Provided records:
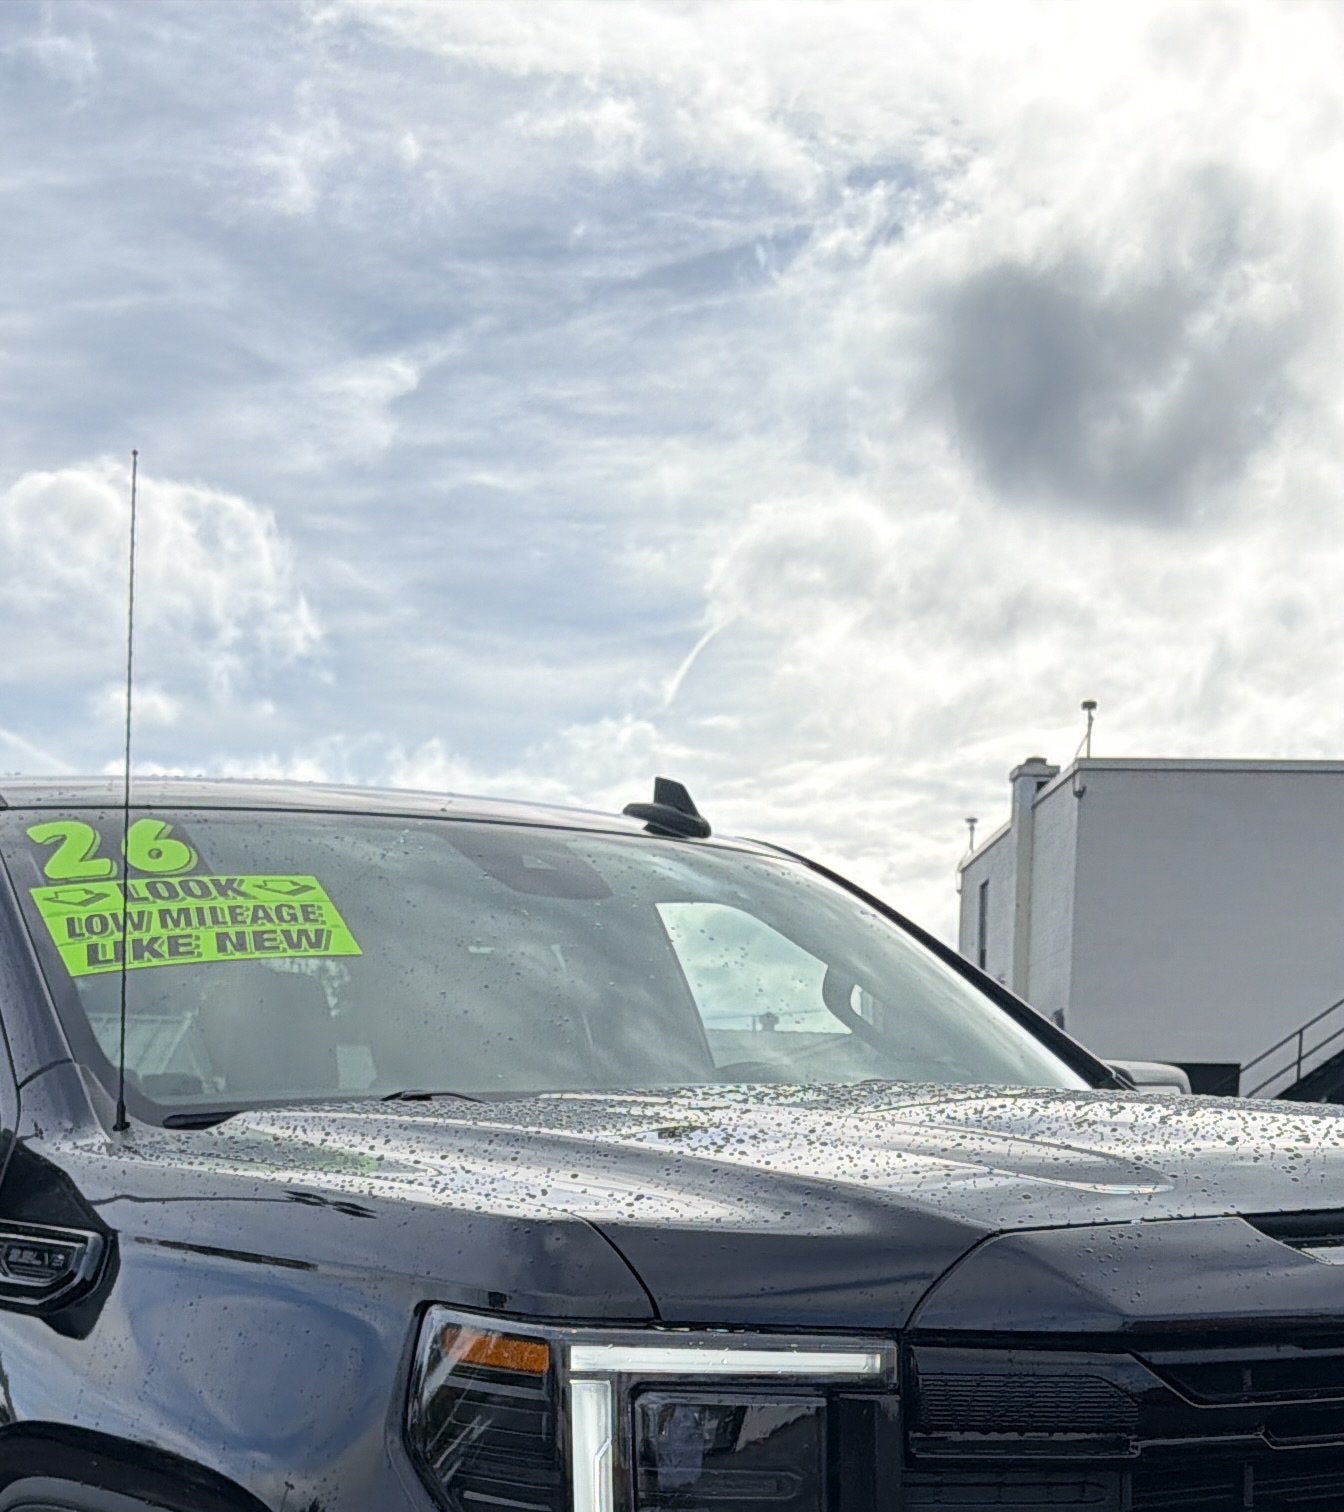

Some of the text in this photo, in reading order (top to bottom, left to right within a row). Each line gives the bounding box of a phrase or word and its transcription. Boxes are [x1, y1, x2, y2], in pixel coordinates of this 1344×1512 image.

[26, 818, 197, 880] 26
[117, 878, 253, 904] LOOK
[67, 903, 326, 940] LOW MILEAGE
[86, 929, 331, 968] LIKE NEW
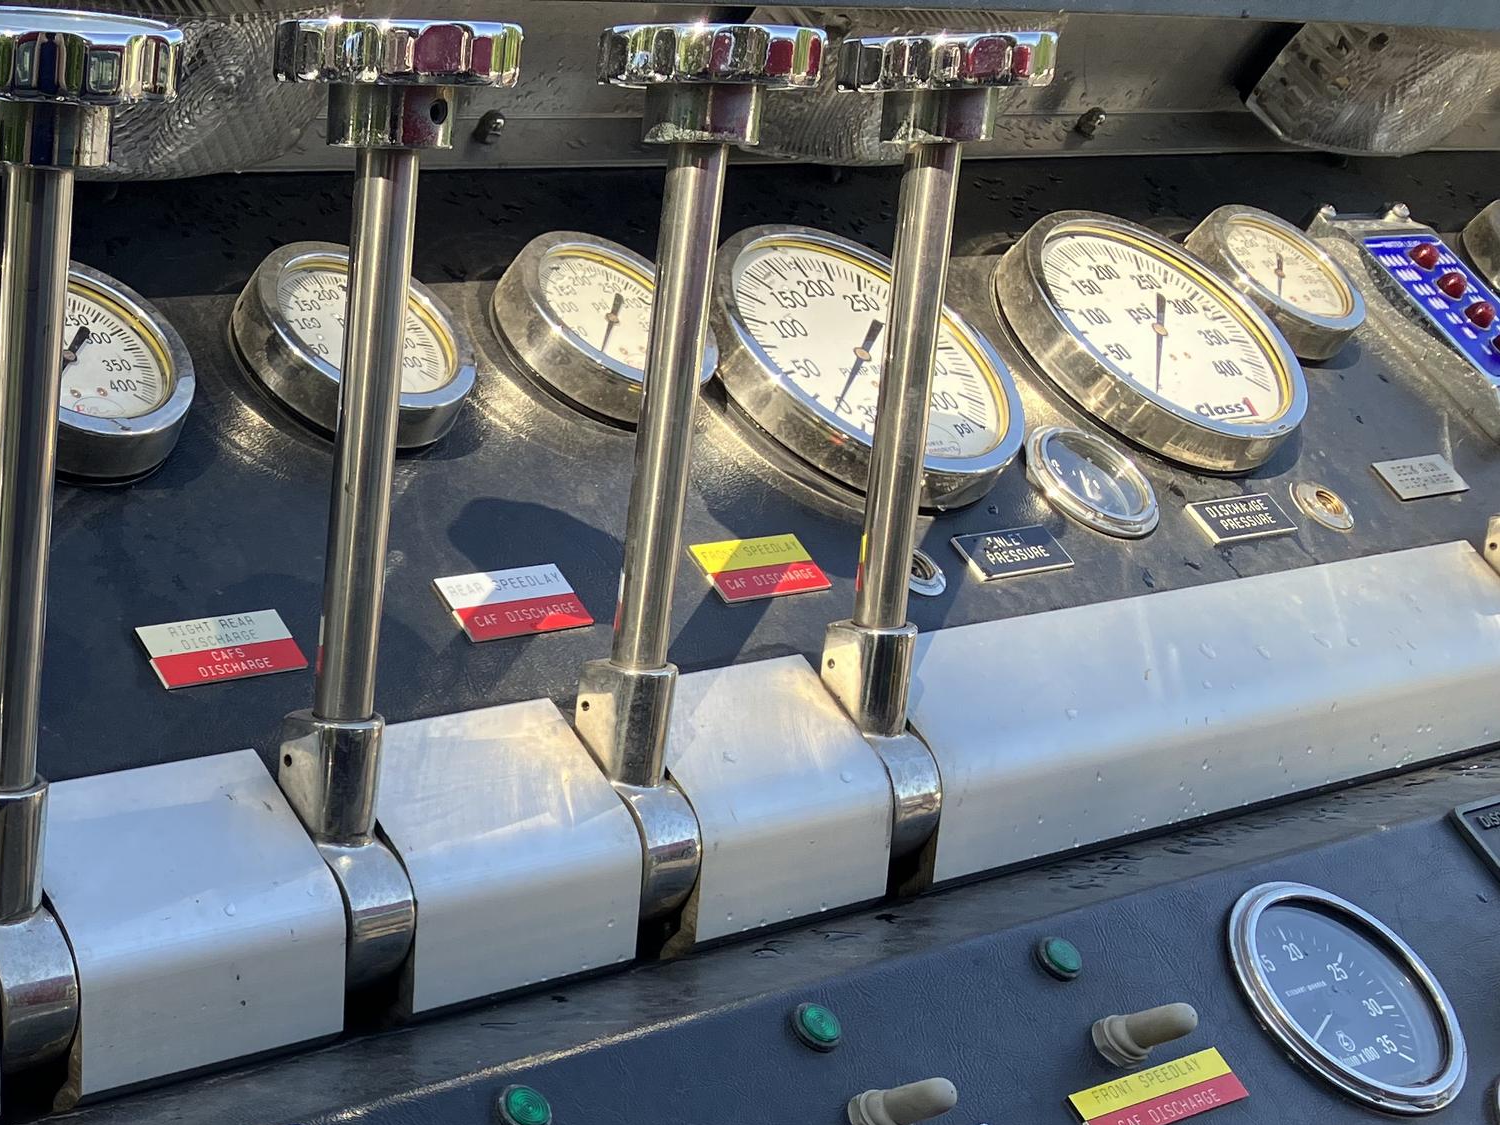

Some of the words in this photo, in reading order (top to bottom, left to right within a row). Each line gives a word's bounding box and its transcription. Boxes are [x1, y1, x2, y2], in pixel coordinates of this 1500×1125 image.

[1088, 265, 1120, 281] 200
[797, 279, 835, 297] 200
[1072, 279, 1103, 296] 150
[1130, 274, 1160, 291] 250
[770, 291, 807, 310] 150
[843, 294, 879, 312] 250
[1168, 299, 1198, 315] 300
[1128, 303, 1155, 325] psi
[770, 319, 808, 338] 100
[1197, 329, 1229, 347] 350
[102, 358, 132, 371] 350
[1214, 359, 1242, 377] 400
[110, 379, 137, 392] 400
[953, 420, 975, 438] psi
[1220, 513, 1277, 530] PRESSURE
[742, 540, 799, 556] SPEEDLAY
[986, 545, 1050, 565] PRESSURE
[492, 572, 560, 591] SPEEDLAY
[725, 578, 748, 590] CAF
[754, 568, 817, 586] DISCHARGE
[473, 613, 498, 627] CAF
[505, 602, 579, 623] DISCHARGE
[167, 621, 212, 638] RIGHT
[218, 615, 255, 629] REAR
[180, 629, 260, 650] DISCHARGE
[211, 647, 246, 662] CAFS
[198, 657, 274, 678] DISCHARGE
[1283, 943, 1303, 961] 20
[1326, 962, 1348, 982] 25
[1362, 998, 1384, 1017] 30
[1376, 1035, 1398, 1055] 35
[1091, 1080, 1134, 1105] FRONT
[1138, 1057, 1201, 1089] SPEEDLAY
[1149, 1088, 1221, 1124] DISCHARGE

What is required:
Omit the images; transcribe the listing verbatim.

Output of the task:
Some of the text in this photo, in reading order (top to bottom, left to right within a row). Each line gives the bounding box of a phrase or word and its transcription. Boxes are [x1, y1, x2, y2], in pixel coordinates of this 1344×1512 image.

[26, 818, 197, 880] 26
[117, 878, 253, 904] LOOK
[67, 903, 326, 940] LOW MILEAGE
[86, 929, 331, 968] LIKE NEW

Some of the words in this photo, in reading order (top to bottom, left to right within a row). Each line gives a word's bounding box and its transcription. Boxes are [x1, y1, x2, y2], in pixel coordinates of this 1500×1125 image.

[1088, 265, 1120, 281] 200
[797, 279, 835, 297] 200
[1072, 279, 1103, 296] 150
[1130, 274, 1160, 291] 250
[770, 291, 807, 310] 150
[843, 294, 879, 312] 250
[1168, 299, 1198, 315] 300
[1128, 303, 1155, 325] psi
[770, 319, 808, 338] 100
[1197, 329, 1229, 347] 350
[102, 358, 132, 371] 350
[1214, 359, 1242, 377] 400
[110, 379, 137, 392] 400
[953, 420, 975, 438] psi
[1220, 513, 1277, 530] PRESSURE
[742, 540, 799, 556] SPEEDLAY
[986, 545, 1050, 565] PRESSURE
[492, 572, 560, 591] SPEEDLAY
[725, 578, 748, 590] CAF
[754, 568, 817, 586] DISCHARGE
[473, 613, 498, 627] CAF
[505, 602, 579, 623] DISCHARGE
[167, 621, 212, 638] RIGHT
[218, 615, 255, 629] REAR
[180, 629, 260, 650] DISCHARGE
[211, 647, 246, 662] CAFS
[198, 657, 274, 678] DISCHARGE
[1283, 943, 1303, 961] 20
[1326, 962, 1348, 982] 25
[1362, 998, 1384, 1017] 30
[1376, 1035, 1398, 1055] 35
[1091, 1080, 1134, 1105] FRONT
[1138, 1057, 1201, 1089] SPEEDLAY
[1149, 1088, 1221, 1124] DISCHARGE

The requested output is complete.